Texts / Śivasaṃhitā / Verse 1.56

Śivasaṃhitā 1.56

Prathamaḥ paṭalaḥ — Jñāna

Sanskrit text

यस्मात्प्रकाशको नास्ति स्वप्रकाशो भवेत्ततः ।

Transliteration

yasmātprakāśako nāsti svaprakāśo bhavettataḥ |

Translation

Save and beyond it, there is no other substance, therefore, it is one; without it everything else is false; therefore, it is True Existence.

Commentary

Two inseparable qualities of Spirit: light (prakāśa) and real existence (sat). What is known through something else is not a source of knowledge but an object of knowledge. Only Spirit, knowing itself and being the condition of possibility for all knowledge, deserves the name Light. And being the only reality, everything else only exists borrowed from It.

Svaprakāśa (self-luminous) is opposed to paraprakāśa (illuminated by another). The logical sequence is: no external illuminator → it is self-luminous → its nature is Light. Then: no other substance → it is One → without It everything is mithyā (false) → It is sat (real Existence). These chained reasonings (yasmāt… tasmāt) are characteristic of logical Vedānta.

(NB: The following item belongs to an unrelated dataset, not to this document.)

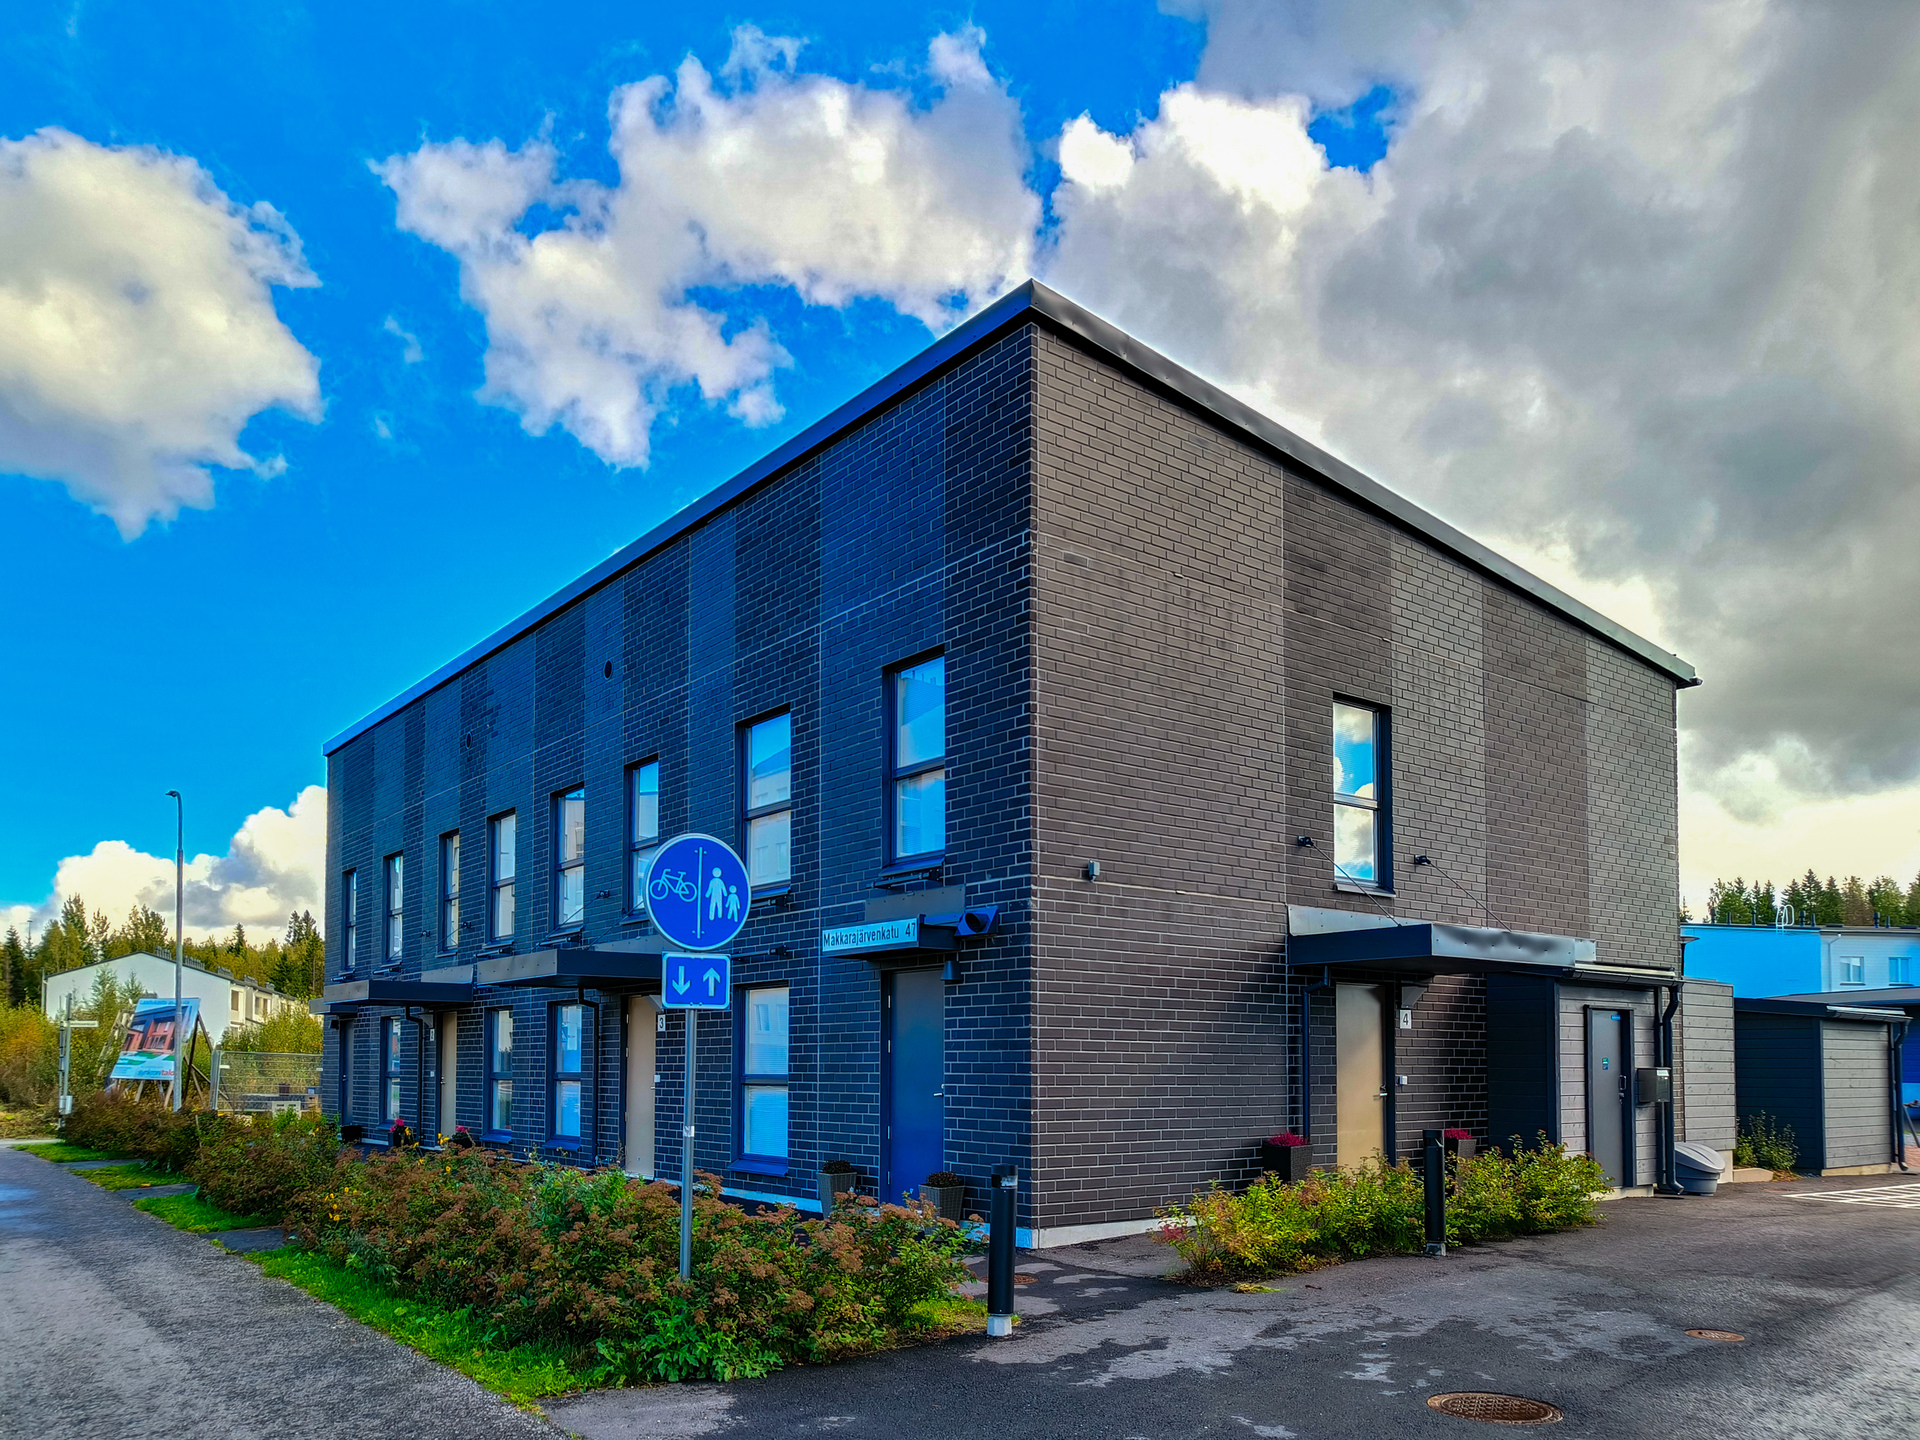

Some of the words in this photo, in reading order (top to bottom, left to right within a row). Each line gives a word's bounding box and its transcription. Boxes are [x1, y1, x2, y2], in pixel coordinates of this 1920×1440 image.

[823, 925, 899, 946] Makkarajärvenkatu
[906, 922, 916, 937] 47
[660, 1017, 664, 1028] 3
[1403, 1013, 1408, 1025] 4
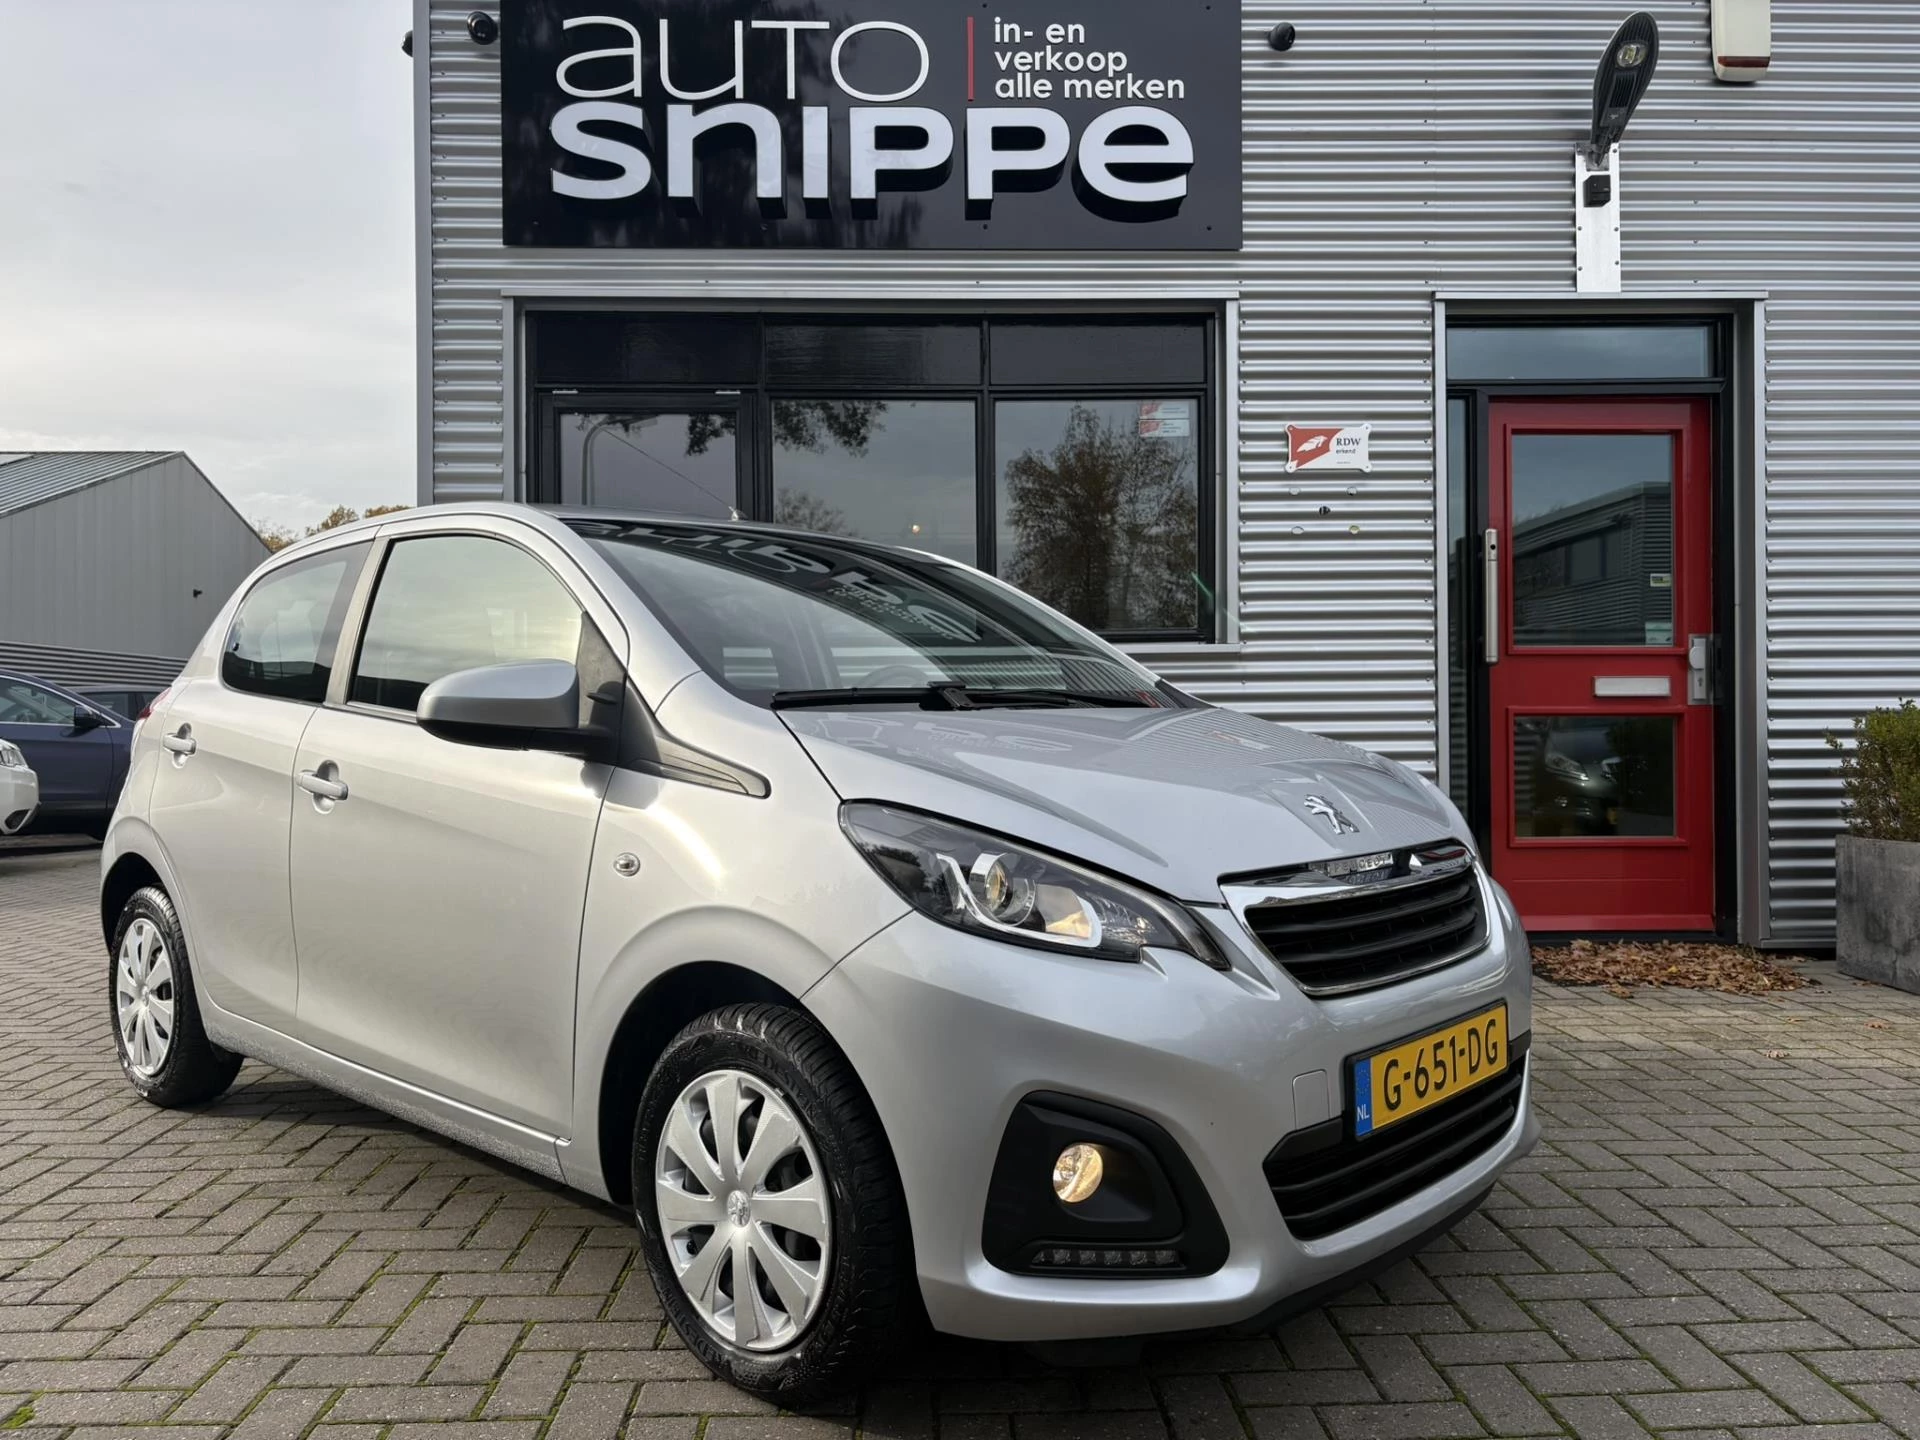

The tradition identifies here three aspects of saccidānanda: Light corresponds to cit (Consciousness), Existence to sat (Being), and Bliss—which will appear in the next verse—to ānanda. The Śivasaṃhitā thus builds a complete phenomenology of the Absolute through a series of reasonings that move from experience toward transcendence.